Obernkirchen. Wer macht so etwas? Und warum? Immer wieder kreisen die Gedanken von Stefanie C. um diese und andere Fragen, nachdem ihr Hund einen von unbekannt ausgelegten Giftköder gefressen hat und daran elendig verendet ist. Ihren vollen Namen möchte die Obernkirchenerin zwar nicht in der Zeitung lesen, da es ihr nicht um Publicity für ihre eigene Person geht. Über das Leid aber, das ihrem geliebten Vierbeiner zugefügt worden ist, soll berichtet werden.
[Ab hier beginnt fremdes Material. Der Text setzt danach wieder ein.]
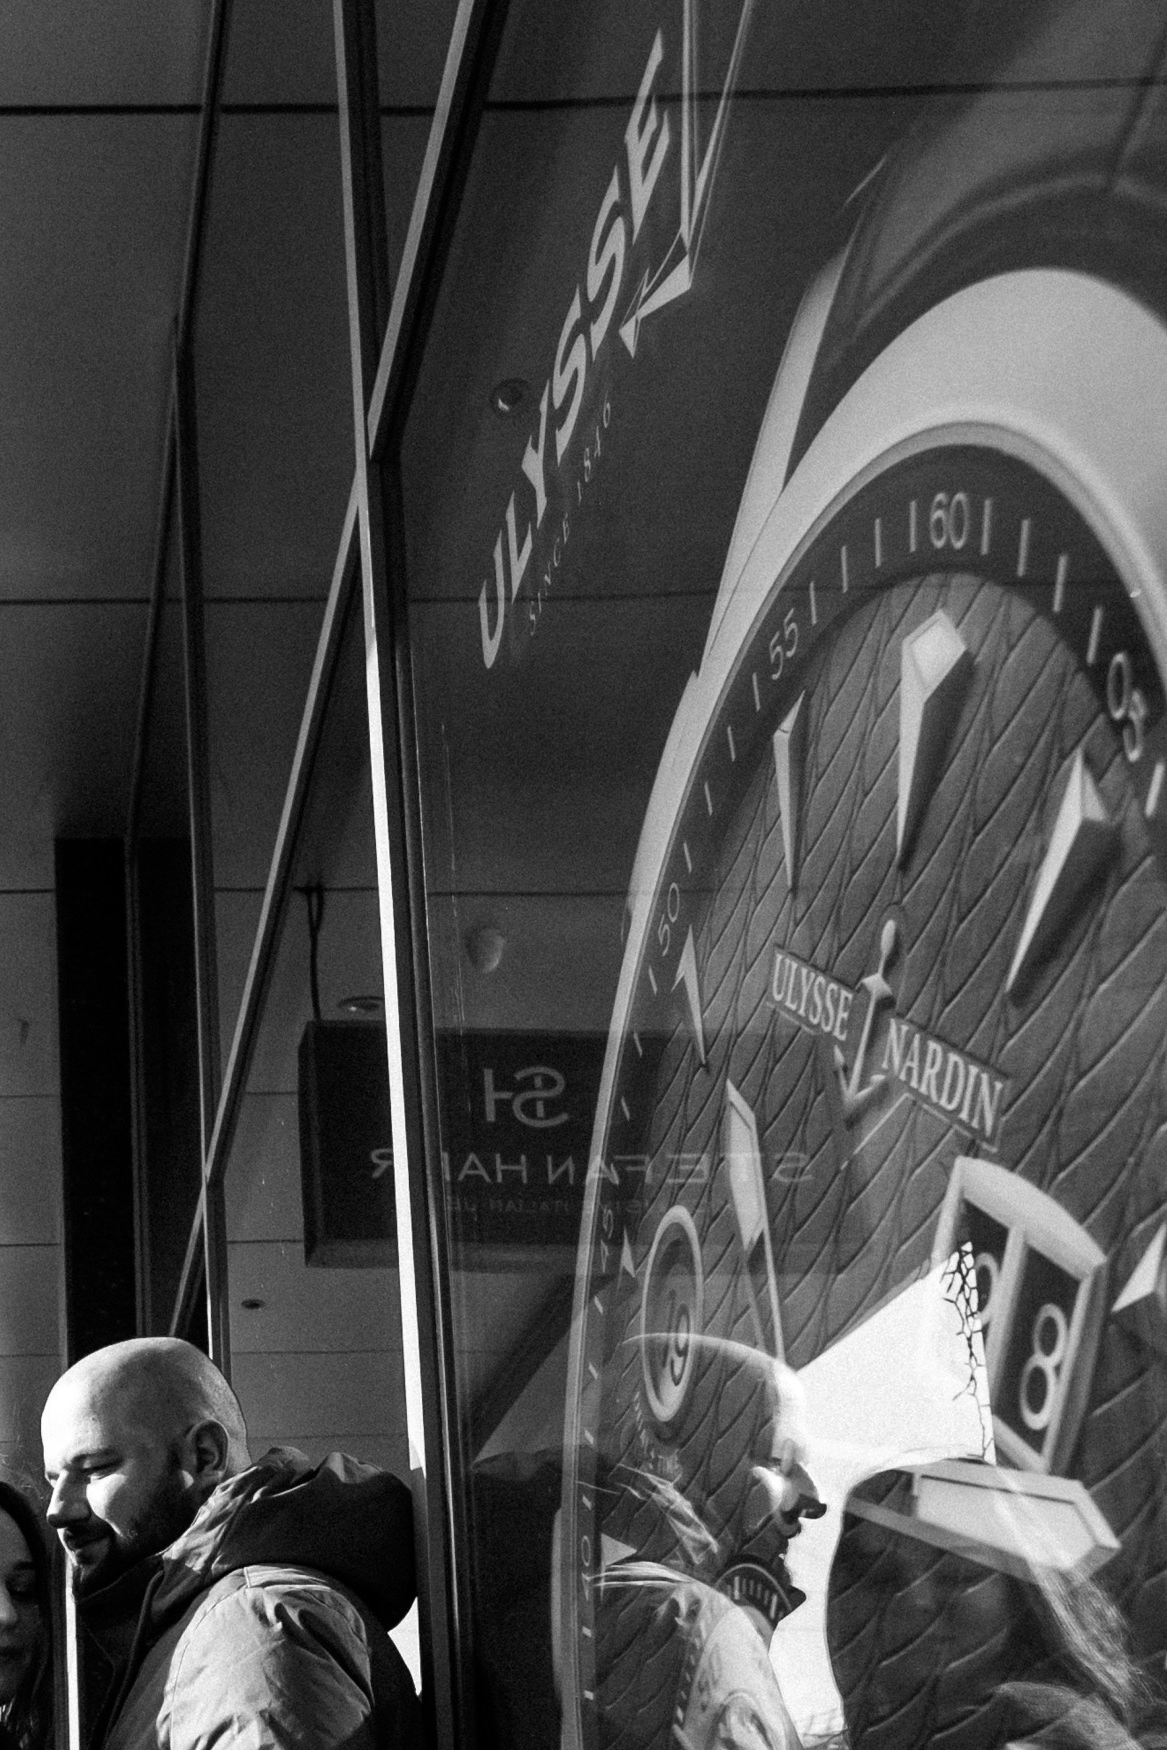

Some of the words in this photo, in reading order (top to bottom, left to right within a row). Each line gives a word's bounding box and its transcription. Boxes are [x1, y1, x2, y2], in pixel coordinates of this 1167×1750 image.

[477, 26, 670, 669] ULYSSE
[928, 491, 969, 550] 60
[767, 608, 800, 681] 55
[657, 880, 681, 956] 50
[772, 952, 854, 1042] ULYSSE
[881, 1017, 1004, 1138] NARDIN
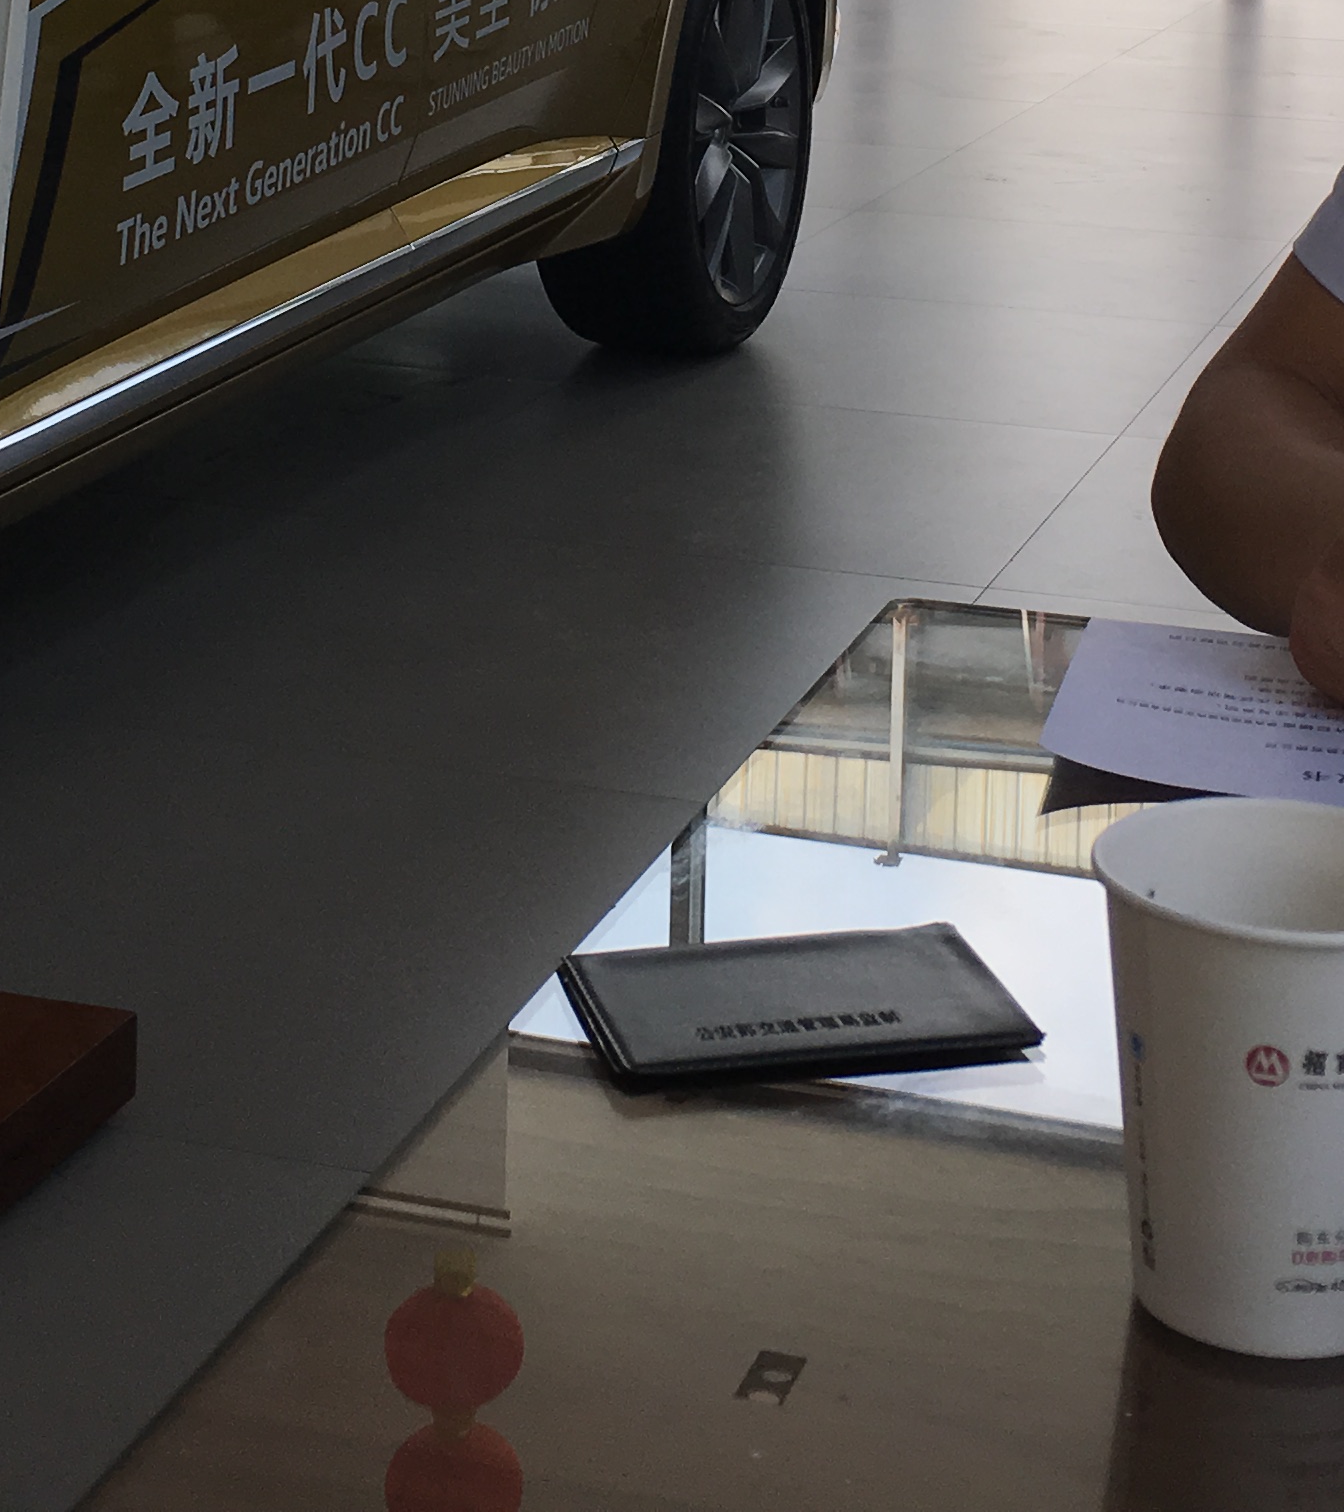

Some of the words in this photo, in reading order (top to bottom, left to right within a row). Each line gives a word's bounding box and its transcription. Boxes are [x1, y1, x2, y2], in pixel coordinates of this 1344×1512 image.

[428, 65, 490, 117] STUNNING
[491, 44, 534, 86] BEAUTY
[535, 34, 547, 61] IN
[548, 17, 590, 56] MOTION
[117, 212, 167, 266] The
[175, 176, 239, 240] Next
[245, 120, 371, 206] Generation
[377, 95, 405, 143] CC
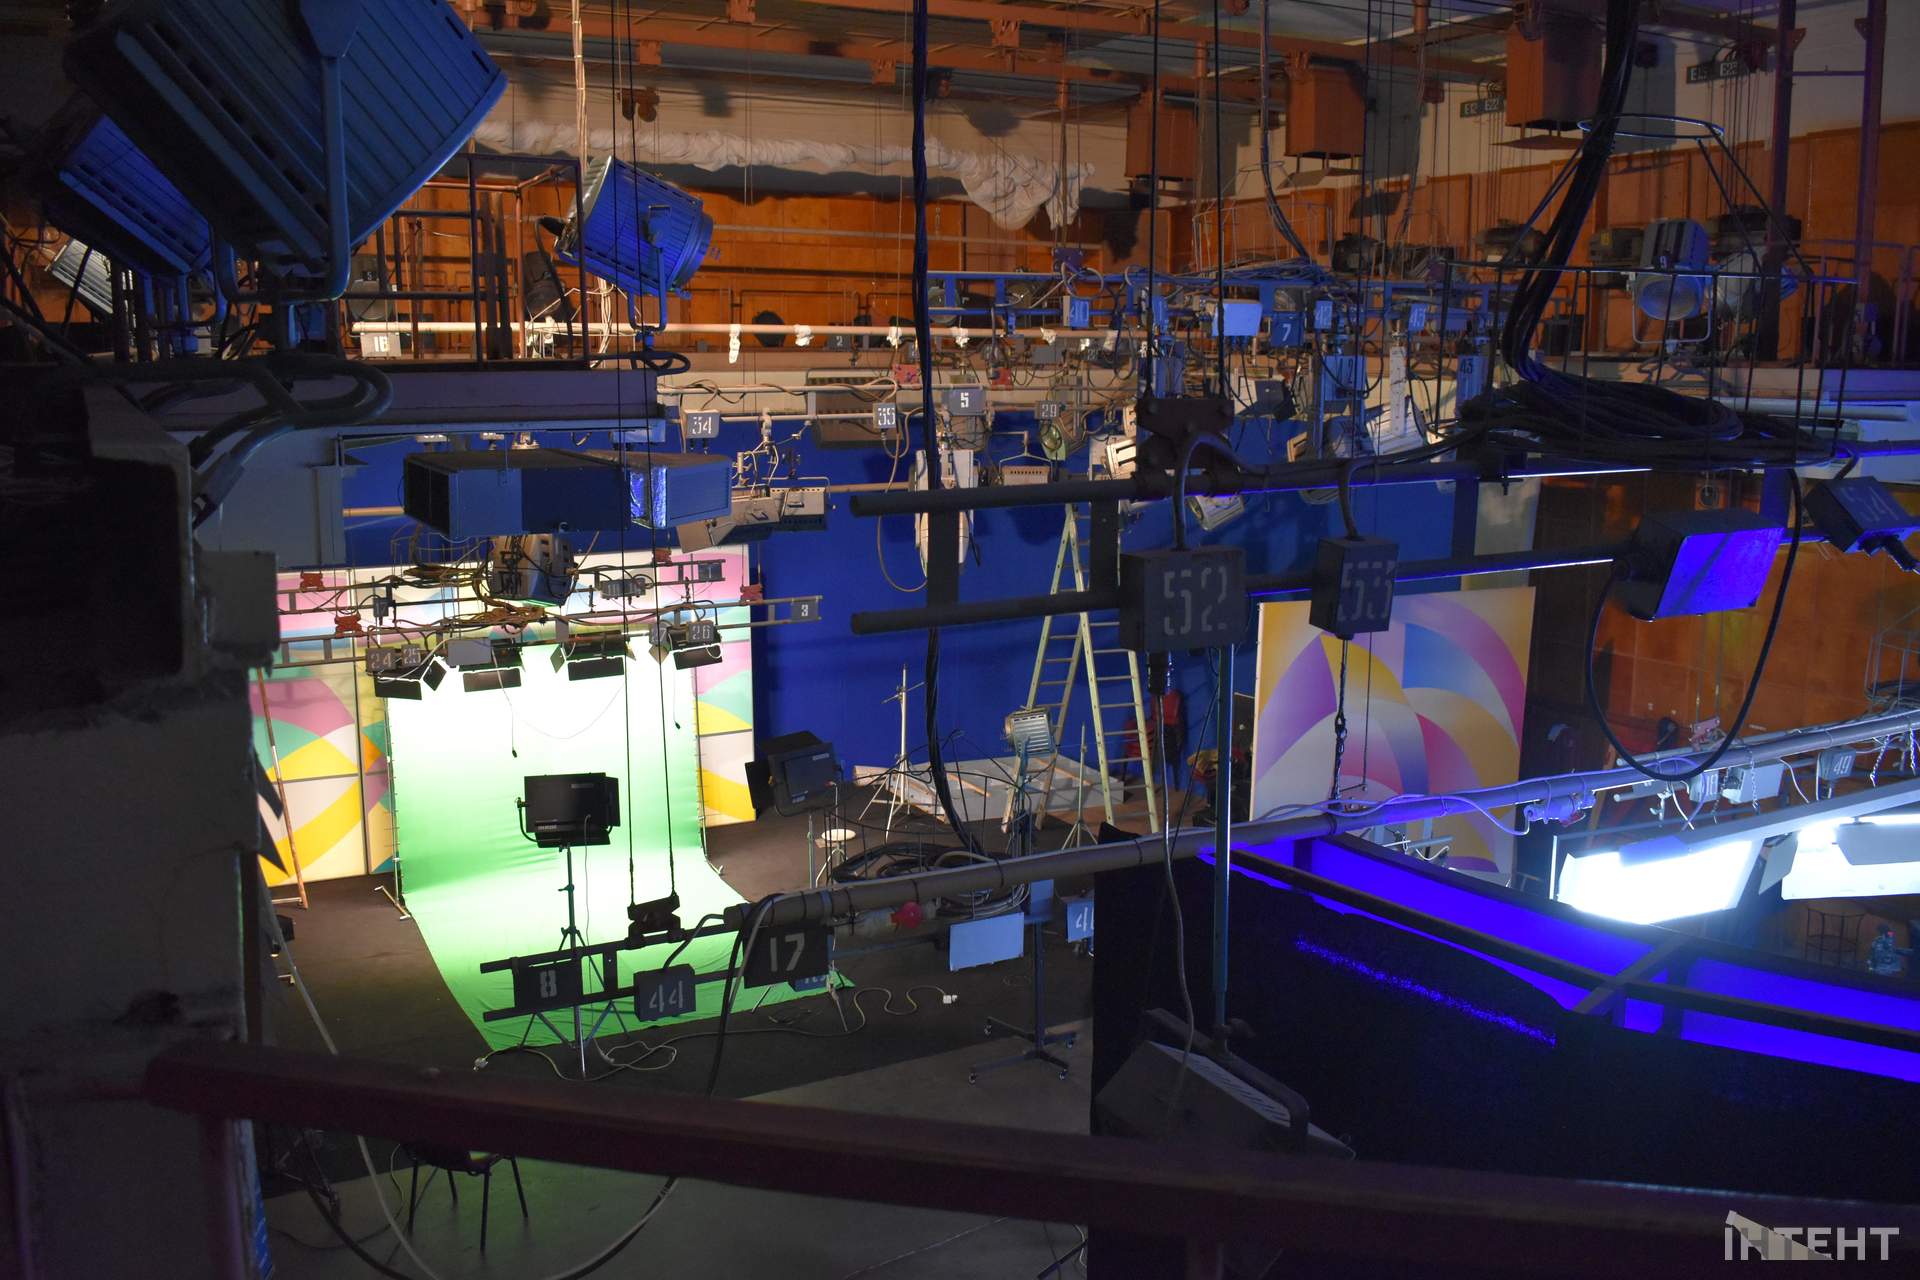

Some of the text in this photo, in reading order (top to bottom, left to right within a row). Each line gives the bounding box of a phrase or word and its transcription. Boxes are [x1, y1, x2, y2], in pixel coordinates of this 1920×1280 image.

[1282, 323, 1292, 342] 7
[960, 392, 968, 408] 5
[691, 416, 712, 435] 34
[801, 603, 809, 617] 3
[1163, 566, 1228, 636] 52
[692, 624, 711, 640] 26
[768, 931, 804, 973] 17
[539, 969, 557, 999] 8
[649, 979, 685, 1013] 44
Als Warnung für andere Hundebesitzer, die in der Bergstadt unterwegs sind, und um dem oder der Schuldigen vor Augen zu führen, wie „pervers“ deren Tat ist.
Aber der Reihe nach: An einem Abend Ende der zweiten Januarwoche dieses Jahres war sie mit ihrem Golden Retriever „Sam“ wieder einmal unweit ihres Wohnsitzes in der Stoevesandtstraße spazieren gegangen, erzählt Stefanie C.. Dort habe der Hund auf dem Bürgersteig ein kleines „Bällchen“ entdeckt und erregt daran geschnuppert. Bevor sie aber noch laut habe „Pfui“ sagen können, sei das Teil schon im Magen von Sam verschwunden gewesen.